Leave it to the people who invented the Autobahn to figure out a solution. As Feargus O’Sullivan reports for CityLab, Berlin is building a network of bike superhighways in a bid to become more bike-friendly.
Berlin's Senate Department for Environment, Transport, and Climate Change estimates that currently half of the journeys taken in Berlin are under 3.1 miles, but a third of these journeys are undertaken by car.
In a bid to lower that number, the 13 long-distance bike routes will each run 3.1 miles at a minimum, writes Sullivan, and they will require cyclists to stop for no more than 30 seconds to accommodate intersections or lights. Like a superhighway, they’ll be super wide, too—at least 13 feet across.

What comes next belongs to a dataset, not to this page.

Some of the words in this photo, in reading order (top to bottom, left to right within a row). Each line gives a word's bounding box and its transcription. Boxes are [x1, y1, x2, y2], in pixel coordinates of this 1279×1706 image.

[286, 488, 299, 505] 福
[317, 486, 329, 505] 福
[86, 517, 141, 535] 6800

The highways are sure to get a lot of attention in Germany’s busy capital city, but they aren’t the country’s first bike superhighways. In 2016, Christian Schwägerl wrote about a similar project in the Ruhr Valley for Yale Environment 360. It’s a similarly sized thoroughfare that the German state of North Rhine-Westphalia now considers to be a type of infrastructure. Schwägerl writes that similar projects are underway in Munich, too—and already, the bike lanes on steroids are being praised for reducing commute times and traffic deaths.

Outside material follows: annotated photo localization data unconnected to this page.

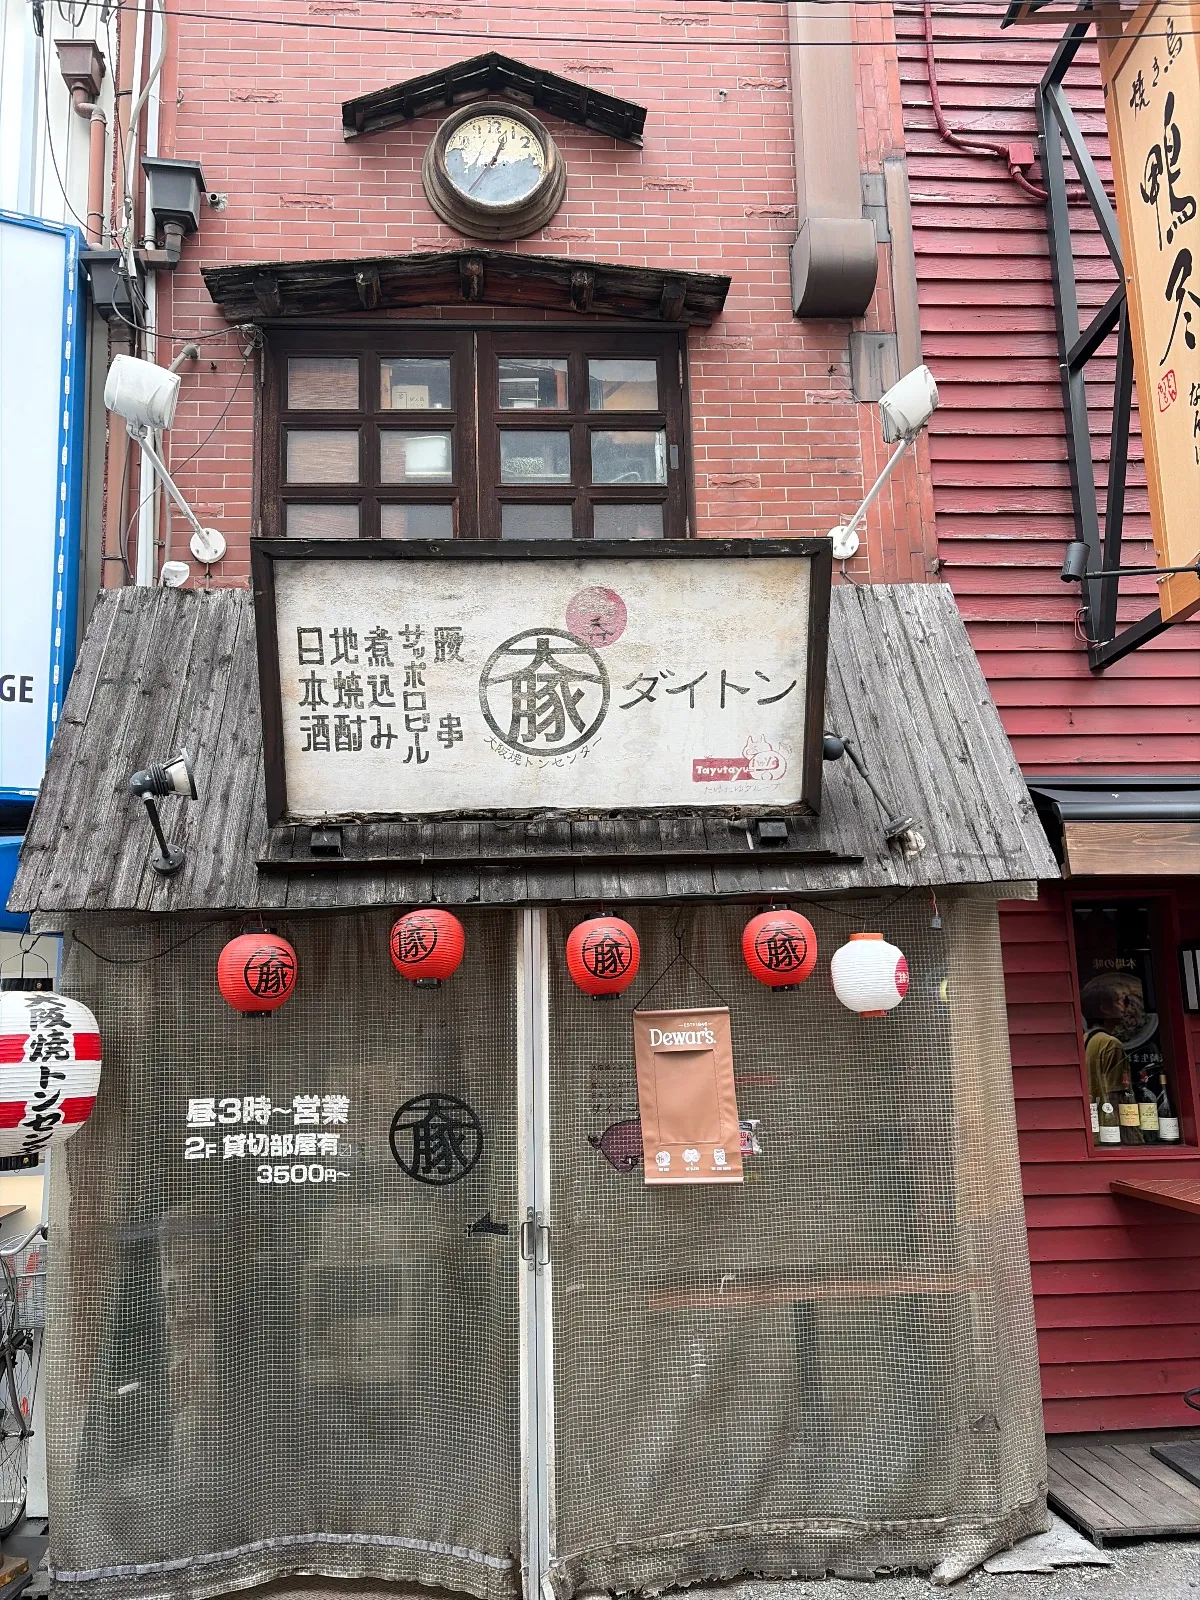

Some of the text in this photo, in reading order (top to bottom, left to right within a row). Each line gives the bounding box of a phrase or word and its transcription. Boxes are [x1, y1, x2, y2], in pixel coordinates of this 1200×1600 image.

[519, 135, 531, 149] 2
[0, 674, 34, 703] GE
[297, 626, 331, 752] 日本酒
[328, 626, 367, 752] 地焼酎
[363, 625, 398, 750] 煮込み
[398, 623, 431, 764] サッポロビール
[618, 668, 797, 710] ダイトン
[483, 735, 602, 769] 大阪焼トンセンター
[695, 765, 751, 781] Tayutayu
[184, 1136, 217, 1160] 2F

If all of this leaves you feeling a bit envious, never fear: There could be a bike superhighway coming to a U.S. city near you. A 64-mile-long stretch of cycling heaven in Texas could one day connect Dallas and Forth Worth, and a similar project is proposed in North Carolina along an existing highway between Raleigh and Durham. The trend can be found in Denmark, the U.K., and France, too. And the increasing popularity of bike commuting could make such proposals more and more popular.
Fast.Co’s Shaunacy Ferro writes in "A Brief History Of Bike Superhighways" that the idea has been around since at least the late 19th century, when the first bicycle freeway was opened in that most highway-hungry of cities, Los Angeles. So, Germans didn’t invent the bicycle superhighway…but there’s no doubt that they’ll bring their trademark precision to bear in Berlin when construction on the project begins in late 2017.